WORK INSTRUCTIONS >> From the first line to the last, print the records exactly, leaving out the pictures.

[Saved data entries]
-=-=-=-=-

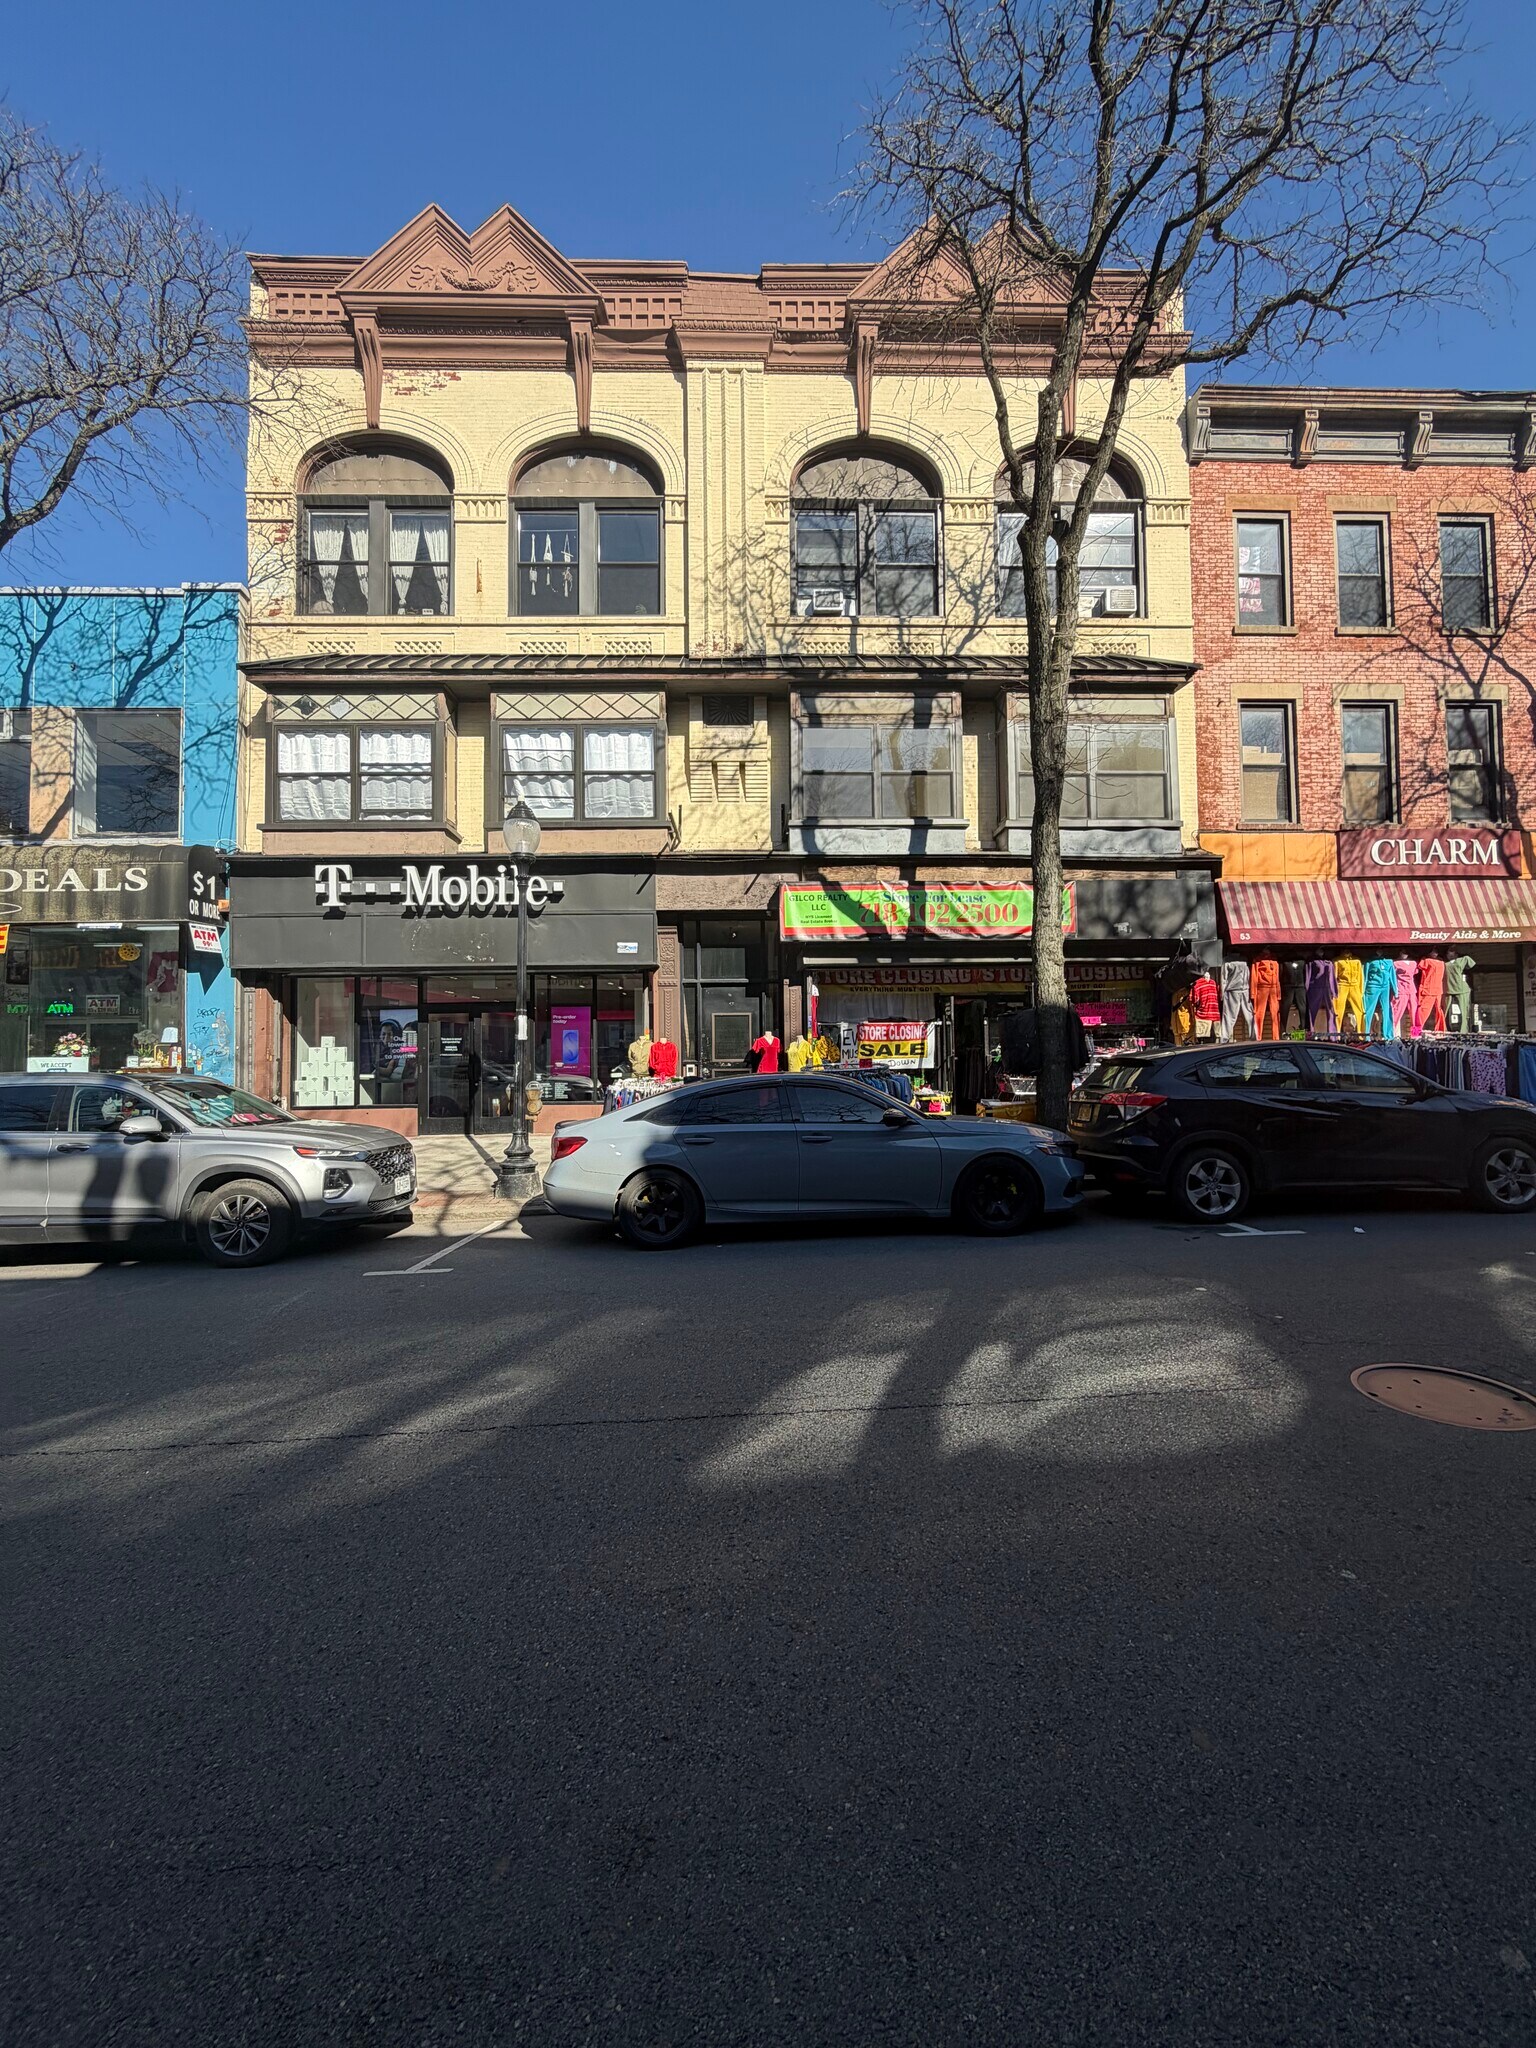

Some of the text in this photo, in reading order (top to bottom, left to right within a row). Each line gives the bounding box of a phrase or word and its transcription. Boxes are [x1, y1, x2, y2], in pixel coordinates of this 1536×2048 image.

[1371, 838, 1500, 866] CHARM
[0, 867, 148, 892] DEALS
[193, 871, 216, 900] $1
[789, 893, 848, 902] GILCO REALTY
[189, 899, 199, 916] OR
[811, 903, 826, 911] LLC
[858, 902, 898, 923] 718
[957, 902, 1018, 923] 2500
[194, 929, 218, 942] ATM
[1410, 930, 1521, 941] Beauty Aids & More
[880, 968, 971, 984] CLOSING
[983, 968, 1033, 982] STOR
[1067, 966, 1145, 982] LOSING
[47, 1003, 74, 1014] ATM
[860, 1025, 925, 1041] STORE CLOSING
[860, 1043, 925, 1057] SALE

-=-=-=-=-

THE COMPLETED TASK >>
Some of the text in this photo, in reading order (top to bottom, left to right within a row). Each line gives the bounding box of a phrase or word and its transcription. Boxes are [x1, y1, x2, y2], in pixel coordinates of this 1536×2048 image.

[1371, 838, 1500, 866] CHARM
[0, 867, 148, 892] DEALS
[193, 871, 216, 900] $1
[789, 893, 848, 902] GILCO REALTY
[189, 899, 199, 916] OR
[811, 903, 826, 911] LLC
[858, 902, 898, 923] 718
[957, 902, 1018, 923] 2500
[194, 929, 218, 942] ATM
[1410, 930, 1521, 941] Beauty Aids & More
[880, 968, 971, 984] CLOSING
[983, 968, 1033, 982] STOR
[1067, 966, 1145, 982] LOSING
[47, 1003, 74, 1014] ATM
[860, 1025, 925, 1041] STORE CLOSING
[860, 1043, 925, 1057] SALE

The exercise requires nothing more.